> [Records provided]
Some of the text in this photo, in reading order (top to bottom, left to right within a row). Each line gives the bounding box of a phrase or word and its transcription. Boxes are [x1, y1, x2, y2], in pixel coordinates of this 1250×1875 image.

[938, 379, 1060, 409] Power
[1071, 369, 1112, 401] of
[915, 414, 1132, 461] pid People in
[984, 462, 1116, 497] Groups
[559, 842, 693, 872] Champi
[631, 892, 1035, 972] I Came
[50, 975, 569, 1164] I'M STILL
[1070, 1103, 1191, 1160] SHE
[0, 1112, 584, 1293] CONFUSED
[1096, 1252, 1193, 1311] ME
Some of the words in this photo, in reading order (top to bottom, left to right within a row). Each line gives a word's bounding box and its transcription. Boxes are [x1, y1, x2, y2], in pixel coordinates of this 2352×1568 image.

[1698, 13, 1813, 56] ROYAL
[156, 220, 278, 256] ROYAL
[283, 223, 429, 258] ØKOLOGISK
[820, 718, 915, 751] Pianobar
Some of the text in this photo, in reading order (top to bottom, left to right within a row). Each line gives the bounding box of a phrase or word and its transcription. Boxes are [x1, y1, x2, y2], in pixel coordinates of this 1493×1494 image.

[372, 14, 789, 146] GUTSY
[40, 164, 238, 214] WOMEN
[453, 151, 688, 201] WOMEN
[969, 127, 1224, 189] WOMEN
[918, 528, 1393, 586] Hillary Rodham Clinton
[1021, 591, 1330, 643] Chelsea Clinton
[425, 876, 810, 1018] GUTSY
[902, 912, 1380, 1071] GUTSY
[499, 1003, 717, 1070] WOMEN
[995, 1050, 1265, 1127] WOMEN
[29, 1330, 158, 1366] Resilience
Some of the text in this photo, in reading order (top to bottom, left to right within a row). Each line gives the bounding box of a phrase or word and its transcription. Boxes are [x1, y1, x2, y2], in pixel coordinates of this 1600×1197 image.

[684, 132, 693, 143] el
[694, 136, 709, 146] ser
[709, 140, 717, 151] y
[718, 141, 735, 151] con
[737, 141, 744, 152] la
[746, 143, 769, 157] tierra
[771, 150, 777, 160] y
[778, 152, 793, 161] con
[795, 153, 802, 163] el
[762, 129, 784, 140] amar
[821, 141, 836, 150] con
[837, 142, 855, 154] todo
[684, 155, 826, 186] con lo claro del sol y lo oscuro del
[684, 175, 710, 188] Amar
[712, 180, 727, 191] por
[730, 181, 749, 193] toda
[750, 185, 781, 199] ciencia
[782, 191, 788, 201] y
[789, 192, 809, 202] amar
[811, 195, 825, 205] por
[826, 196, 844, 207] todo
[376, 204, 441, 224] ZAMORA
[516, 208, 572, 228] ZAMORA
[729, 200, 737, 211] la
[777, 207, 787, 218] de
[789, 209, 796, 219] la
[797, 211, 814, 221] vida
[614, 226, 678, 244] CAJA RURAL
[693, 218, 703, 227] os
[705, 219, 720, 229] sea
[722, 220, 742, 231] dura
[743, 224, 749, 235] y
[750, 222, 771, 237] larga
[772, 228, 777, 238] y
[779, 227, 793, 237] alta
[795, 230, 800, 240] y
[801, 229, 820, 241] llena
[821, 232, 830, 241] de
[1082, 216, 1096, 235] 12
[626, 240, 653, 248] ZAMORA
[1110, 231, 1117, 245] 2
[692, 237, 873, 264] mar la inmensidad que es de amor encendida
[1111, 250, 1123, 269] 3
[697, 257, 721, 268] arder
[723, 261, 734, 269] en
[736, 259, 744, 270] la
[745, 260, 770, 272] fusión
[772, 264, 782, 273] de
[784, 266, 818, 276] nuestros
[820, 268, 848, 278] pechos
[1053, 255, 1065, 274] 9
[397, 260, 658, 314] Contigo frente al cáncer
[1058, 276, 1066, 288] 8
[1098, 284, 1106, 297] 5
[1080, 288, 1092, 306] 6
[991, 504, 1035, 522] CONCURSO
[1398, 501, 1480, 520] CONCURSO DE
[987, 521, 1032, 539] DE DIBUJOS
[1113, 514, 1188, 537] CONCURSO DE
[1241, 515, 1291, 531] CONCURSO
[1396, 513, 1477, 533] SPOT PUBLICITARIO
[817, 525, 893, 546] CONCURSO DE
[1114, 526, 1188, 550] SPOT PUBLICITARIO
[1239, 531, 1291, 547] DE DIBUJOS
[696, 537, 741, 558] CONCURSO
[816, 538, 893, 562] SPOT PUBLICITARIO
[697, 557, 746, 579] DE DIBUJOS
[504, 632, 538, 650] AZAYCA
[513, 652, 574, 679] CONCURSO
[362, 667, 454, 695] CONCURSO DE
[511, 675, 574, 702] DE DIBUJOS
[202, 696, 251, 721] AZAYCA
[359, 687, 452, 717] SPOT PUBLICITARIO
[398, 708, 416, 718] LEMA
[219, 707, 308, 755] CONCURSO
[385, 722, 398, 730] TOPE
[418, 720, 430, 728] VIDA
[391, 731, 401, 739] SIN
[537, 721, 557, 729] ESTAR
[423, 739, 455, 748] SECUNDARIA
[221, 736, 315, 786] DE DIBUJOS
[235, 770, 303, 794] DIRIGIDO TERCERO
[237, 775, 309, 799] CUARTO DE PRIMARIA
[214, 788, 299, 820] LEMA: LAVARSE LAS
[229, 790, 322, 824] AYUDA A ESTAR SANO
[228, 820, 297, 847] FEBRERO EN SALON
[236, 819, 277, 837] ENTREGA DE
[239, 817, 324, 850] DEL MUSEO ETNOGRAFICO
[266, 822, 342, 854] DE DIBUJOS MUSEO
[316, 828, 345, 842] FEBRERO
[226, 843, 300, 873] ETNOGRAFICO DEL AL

> [What this task involves] All records shown above are to be repeated exactly.

> [Problem solution]
Some of the text in this photo, in reading order (top to bottom, left to right within a row). Each line gives the bounding box of a phrase or word and its transcription. Boxes are [x1, y1, x2, y2], in pixel coordinates of this 1250×1875 image.

[938, 379, 1060, 409] Power
[1071, 369, 1112, 401] of
[915, 414, 1132, 461] pid People in
[984, 462, 1116, 497] Groups
[559, 842, 693, 872] Champi
[631, 892, 1035, 972] I Came
[50, 975, 569, 1164] I'M STILL
[1070, 1103, 1191, 1160] SHE
[0, 1112, 584, 1293] CONFUSED
[1096, 1252, 1193, 1311] ME
Some of the words in this photo, in reading order (top to bottom, left to right within a row). Each line gives a word's bounding box and its transcription. Boxes are [x1, y1, x2, y2], in pixel coordinates of this 2352×1568 image.

[1698, 13, 1813, 56] ROYAL
[156, 220, 278, 256] ROYAL
[283, 223, 429, 258] ØKOLOGISK
[820, 718, 915, 751] Pianobar
Some of the text in this photo, in reading order (top to bottom, left to right within a row). Each line gives the bounding box of a phrase or word and its transcription. Boxes are [x1, y1, x2, y2], in pixel coordinates of this 1493×1494 image.

[372, 14, 789, 146] GUTSY
[40, 164, 238, 214] WOMEN
[453, 151, 688, 201] WOMEN
[969, 127, 1224, 189] WOMEN
[918, 528, 1393, 586] Hillary Rodham Clinton
[1021, 591, 1330, 643] Chelsea Clinton
[425, 876, 810, 1018] GUTSY
[902, 912, 1380, 1071] GUTSY
[499, 1003, 717, 1070] WOMEN
[995, 1050, 1265, 1127] WOMEN
[29, 1330, 158, 1366] Resilience
Some of the text in this photo, in reading order (top to bottom, left to right within a row). Each line gives the bounding box of a phrase or word and its transcription. Boxes are [x1, y1, x2, y2], in pixel coordinates of this 1600×1197 image.

[684, 132, 693, 143] el
[694, 136, 709, 146] ser
[709, 140, 717, 151] y
[718, 141, 735, 151] con
[737, 141, 744, 152] la
[746, 143, 769, 157] tierra
[771, 150, 777, 160] y
[778, 152, 793, 161] con
[795, 153, 802, 163] el
[762, 129, 784, 140] amar
[821, 141, 836, 150] con
[837, 142, 855, 154] todo
[684, 155, 826, 186] con lo claro del sol y lo oscuro del
[684, 175, 710, 188] Amar
[712, 180, 727, 191] por
[730, 181, 749, 193] toda
[750, 185, 781, 199] ciencia
[782, 191, 788, 201] y
[789, 192, 809, 202] amar
[811, 195, 825, 205] por
[826, 196, 844, 207] todo
[376, 204, 441, 224] ZAMORA
[516, 208, 572, 228] ZAMORA
[729, 200, 737, 211] la
[777, 207, 787, 218] de
[789, 209, 796, 219] la
[797, 211, 814, 221] vida
[614, 226, 678, 244] CAJA RURAL
[693, 218, 703, 227] os
[705, 219, 720, 229] sea
[722, 220, 742, 231] dura
[743, 224, 749, 235] y
[750, 222, 771, 237] larga
[772, 228, 777, 238] y
[779, 227, 793, 237] alta
[795, 230, 800, 240] y
[801, 229, 820, 241] llena
[821, 232, 830, 241] de
[1082, 216, 1096, 235] 12
[626, 240, 653, 248] ZAMORA
[1110, 231, 1117, 245] 2
[692, 237, 873, 264] mar la inmensidad que es de amor encendida
[1111, 250, 1123, 269] 3
[697, 257, 721, 268] arder
[723, 261, 734, 269] en
[736, 259, 744, 270] la
[745, 260, 770, 272] fusión
[772, 264, 782, 273] de
[784, 266, 818, 276] nuestros
[820, 268, 848, 278] pechos
[1053, 255, 1065, 274] 9
[397, 260, 658, 314] Contigo frente al cáncer
[1058, 276, 1066, 288] 8
[1098, 284, 1106, 297] 5
[1080, 288, 1092, 306] 6
[991, 504, 1035, 522] CONCURSO
[1398, 501, 1480, 520] CONCURSO DE
[987, 521, 1032, 539] DE DIBUJOS
[1113, 514, 1188, 537] CONCURSO DE
[1241, 515, 1291, 531] CONCURSO
[1396, 513, 1477, 533] SPOT PUBLICITARIO
[817, 525, 893, 546] CONCURSO DE
[1114, 526, 1188, 550] SPOT PUBLICITARIO
[1239, 531, 1291, 547] DE DIBUJOS
[696, 537, 741, 558] CONCURSO
[816, 538, 893, 562] SPOT PUBLICITARIO
[697, 557, 746, 579] DE DIBUJOS
[504, 632, 538, 650] AZAYCA
[513, 652, 574, 679] CONCURSO
[362, 667, 454, 695] CONCURSO DE
[511, 675, 574, 702] DE DIBUJOS
[202, 696, 251, 721] AZAYCA
[359, 687, 452, 717] SPOT PUBLICITARIO
[398, 708, 416, 718] LEMA
[219, 707, 308, 755] CONCURSO
[385, 722, 398, 730] TOPE
[418, 720, 430, 728] VIDA
[391, 731, 401, 739] SIN
[537, 721, 557, 729] ESTAR
[423, 739, 455, 748] SECUNDARIA
[221, 736, 315, 786] DE DIBUJOS
[235, 770, 303, 794] DIRIGIDO TERCERO
[237, 775, 309, 799] CUARTO DE PRIMARIA
[214, 788, 299, 820] LEMA: LAVARSE LAS
[229, 790, 322, 824] AYUDA A ESTAR SANO
[228, 820, 297, 847] FEBRERO EN SALON
[236, 819, 277, 837] ENTREGA DE
[239, 817, 324, 850] DEL MUSEO ETNOGRAFICO
[266, 822, 342, 854] DE DIBUJOS MUSEO
[316, 828, 345, 842] FEBRERO
[226, 843, 300, 873] ETNOGRAFICO DEL AL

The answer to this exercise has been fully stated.